Article 30. - Quand le Tribunat s'ajourne, il peut nommer une commission
de dix à quinze de ses membres, chargée de le convoquer
si elle le juge convenable.
Article 31. - Le Corps législatif est composé de trois
cents membres, âgés de trente ans au moins ; ils sont renouvelés
par cinquième tous les ans. - Il doit toujours s'y trouver un citoyen
au moins de chaque département de la République.
Article 32. - Un membre sortant du Corps législatif ne peut y
rentrer qu'après un an d'intervalle ; mais il peut être immédiatement
élu à toute autre fonction publique, y compris celle de
tribun, s'il y est d'ailleurs éligible.
Article 33. - La session du Corps législatif commence chaque année
le 1er frimaire, et ne dure que quatre mois ; il peut être extraordinairement
convoqué durant les huit autres par le Gouvernement.
Article 34. - Le Corps législatif fait la loi en statuant par
scrutin secret, et sans aucune discussion de la part de ses membres, sur
les projets de loi débattus devant lui par les orateurs du Tribunat
et du gouvernement.
Article 35. - Les séances du Tribunat et celles du Corps législatif
sont publiques ; le nombre des assistants soit aux unes, soit aux autres,
ne peut excéder deux cents.
Article 36. - Le traitement annuel d'un tribun est de quinze mille francs
; celui d'un législateur, de dix mille francs.
Article 37. - Tout décret du Corps législatif, le dixième
jour après son émission, est promulgué par le Premier
consul, à moins que, dans ce délai, il n'y ait eu recours
au Sénat pour cause d'inconstitutionnalité. Ce recours n'a
point lieu contre les lois promulguées.
Article 38. - Le premier renouvellement du Corps législatif et
du Tribunat n'aura lieu que dans le cours de l'an X.
TITRE IV - Du gouvernement
Article 39. - Le gouvernement est confié à trois consuls
nommés pour dix ans, et indéfiniment rééligibles.
- Chacun d'eux est élu individuellement, avec la qualité
distincte ou de premier, ou de second, ou de troisième consul.
- La Constitution nomme Premier consul le citoyen Bonaparte, ex-consul
provisoire ; second consul, le citoyen Cambacérès,
ex-ministre de la Justice ; et troisième consul, le citoyen Lebrun,
ex-membre de la commission du Conseil des Anciens.
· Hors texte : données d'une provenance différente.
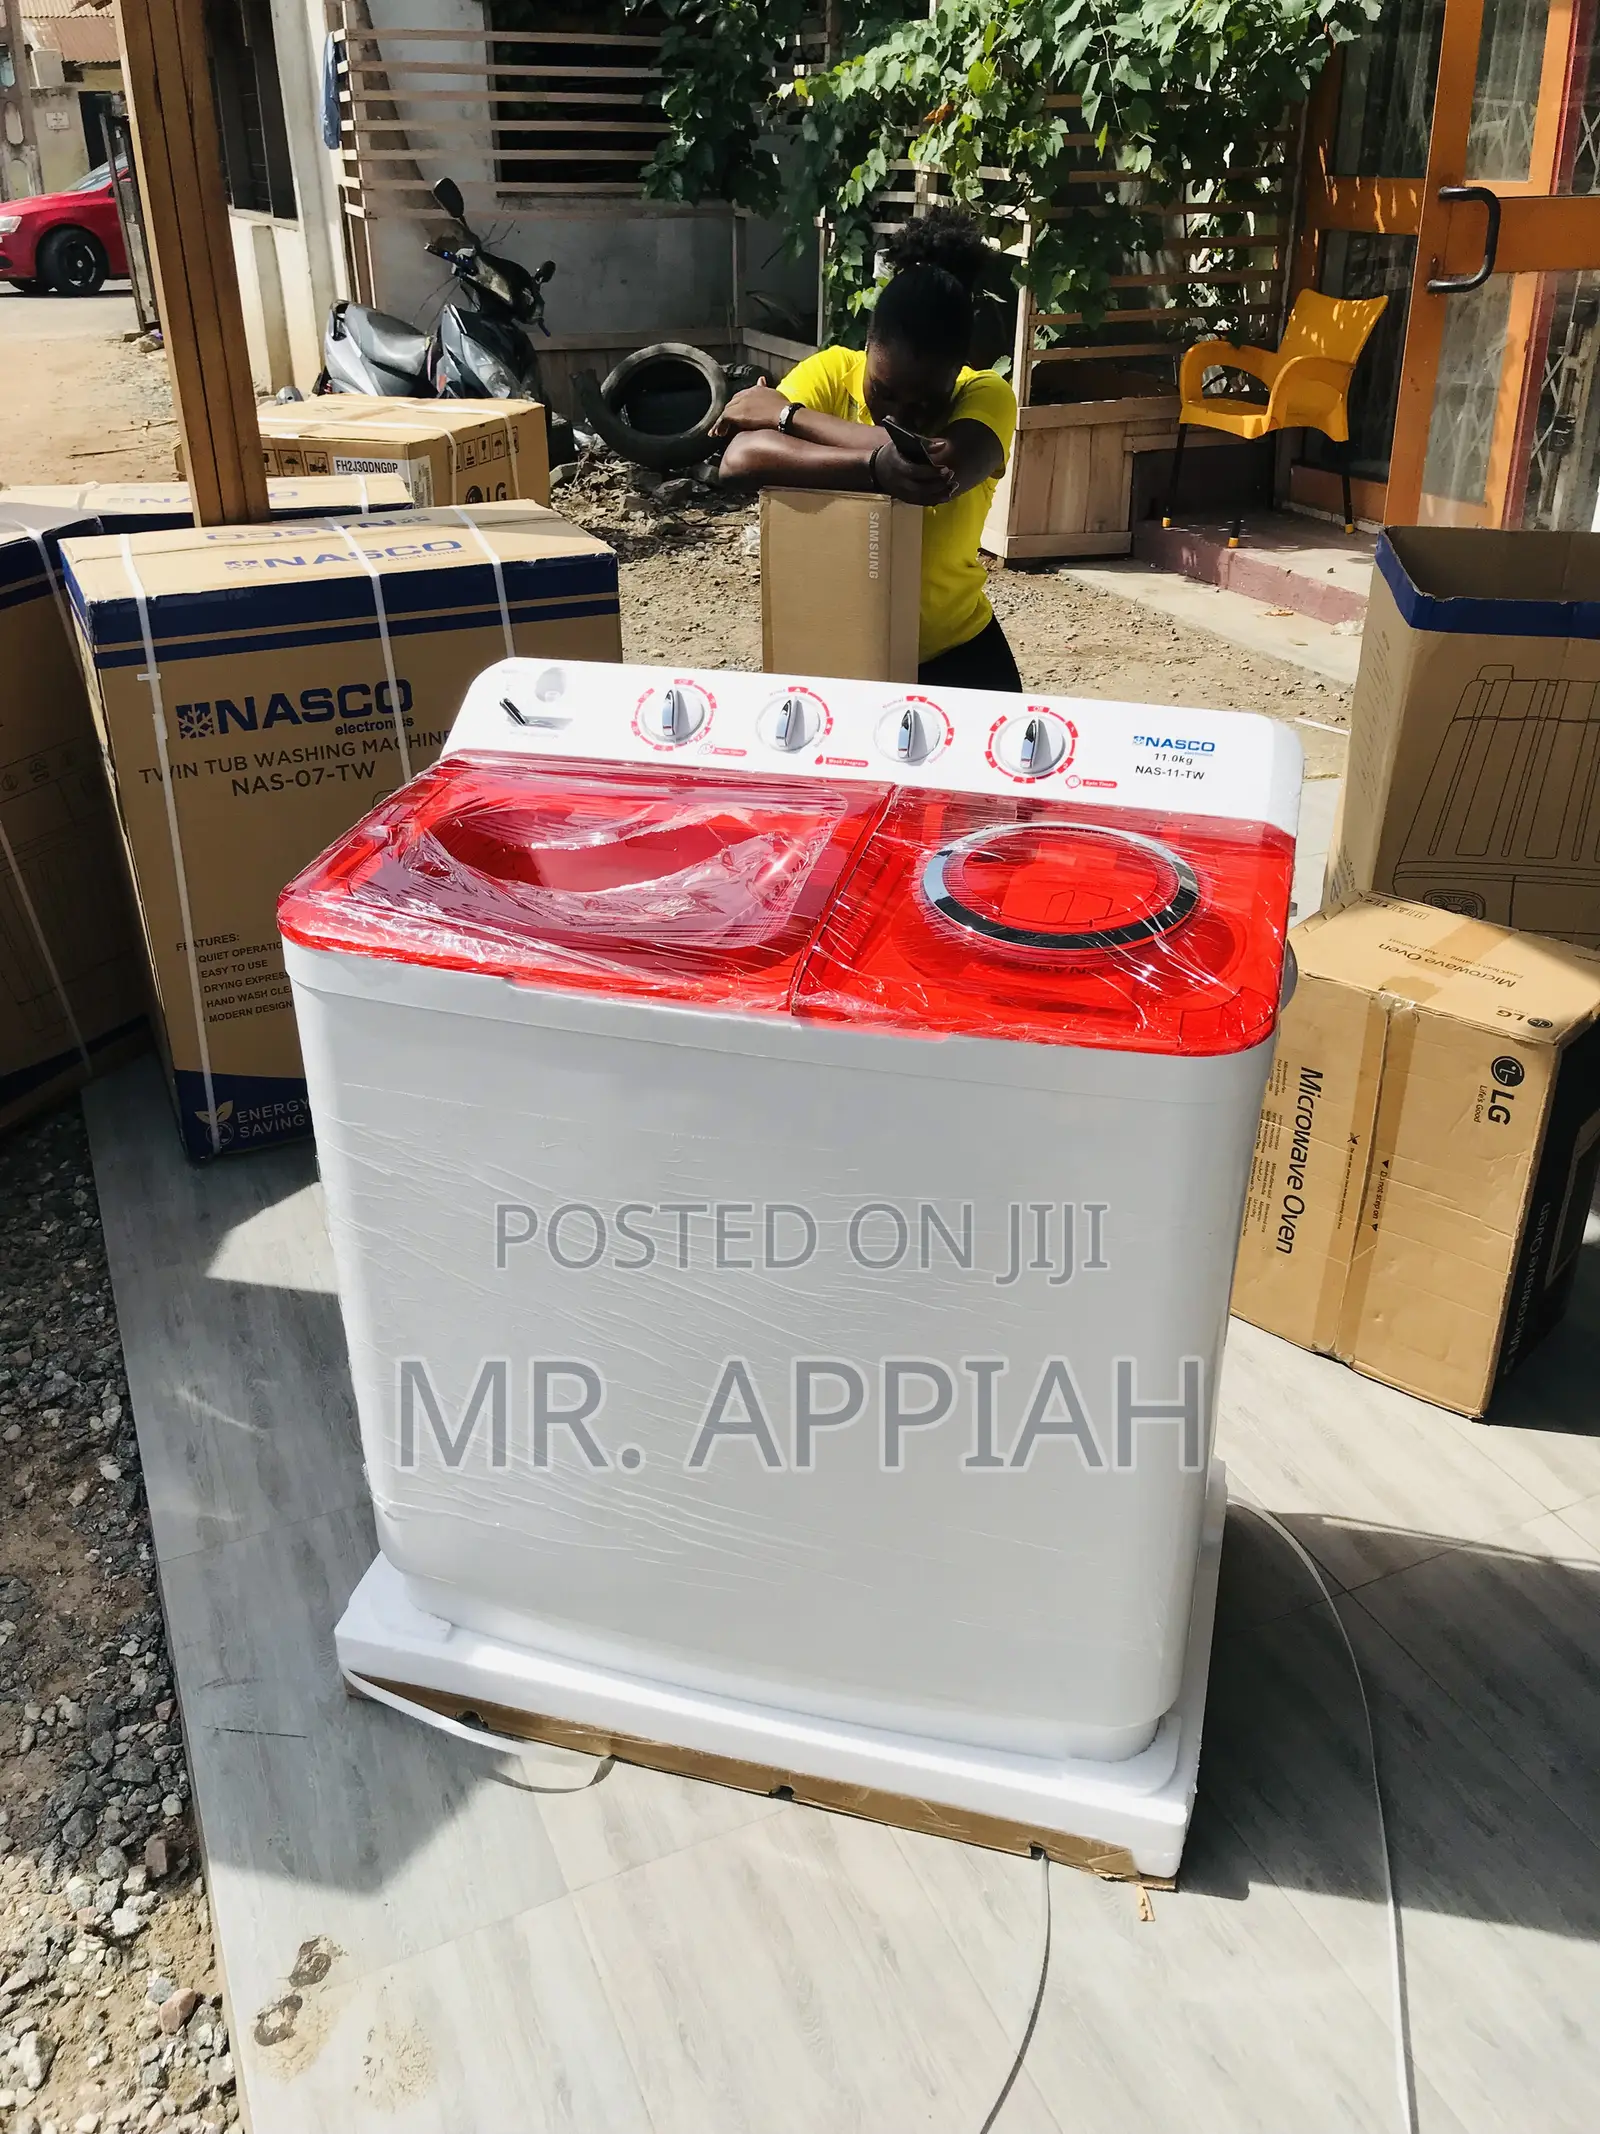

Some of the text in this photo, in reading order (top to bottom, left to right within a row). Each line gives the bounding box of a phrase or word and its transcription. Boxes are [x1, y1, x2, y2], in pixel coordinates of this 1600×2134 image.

[264, 540, 462, 568] NASCO
[869, 511, 879, 579] SAMSUNG
[215, 679, 413, 734] NASCO
[335, 716, 414, 736] electronis
[1145, 737, 1215, 752] NASCO
[139, 762, 198, 783] TWIN
[204, 756, 247, 775] TUB
[254, 742, 355, 768] WASHING
[1155, 753, 1193, 765] 11.0kg
[231, 760, 375, 796] NAS-07-TW
[1135, 765, 1205, 780] NAS-11-TW
[198, 951, 229, 963] QUIET
[201, 959, 268, 978] EASY TO USE
[1378, 943, 1516, 988] Microwave Oven
[204, 971, 289, 993] DRYING EXPRES
[206, 985, 292, 1008] HAND WASH CLE
[209, 1000, 292, 1022] MODERN DESIGN
[1496, 1009, 1528, 1022] LG
[236, 1098, 309, 1123] ENERGY
[1474, 1084, 1487, 1123] Life's Good
[1488, 1089, 1515, 1125] LG
[240, 1114, 305, 1138] SAVING
[1276, 1066, 1323, 1254] Microwave Oven
[1507, 1202, 1550, 1355] Microwave Oven
- Pour cette fois, le troisième consul n'est nommé que pour
cinq ans.
Article 40. - Le Premier consul a des fonctions et des attributions particulières,
dans lesquelles il est momentanément suppléé, quand
il y a lieu, par un de ses collègues.
Article 41. - Le Premier consul promulgue les lois ; il nomme et révoque
à volonté les membres du Conseil d'État, les ministres,
les ambassadeurs et autres agents extérieurs en chef, les officiers
de l'armée de terre et de mer, les membres des administrations
locales et les commissaires du gouvernement près les tribunaux.
Il nomme tous les juges criminels et civils autres que les juges de paix
et les juges de cassation, sans pouvoir les révoquer.
Article 42. - Dans les autres actes du gouvernement, le second et le
troisième consuls ont voix consultative : ils signent le registre
de ces actes pour constater leur présence ; et s'ils le veulent,
y consignent leurs opinions ; après quoi, la décision du
Premier consul suffit.
Article 43. - Le traitement du Premier consul sera de cinq cent mille
francs en l'an VIII. Le traitement de chacun des deux autres consuls est
égal aux trois dixièmes de celui du premier.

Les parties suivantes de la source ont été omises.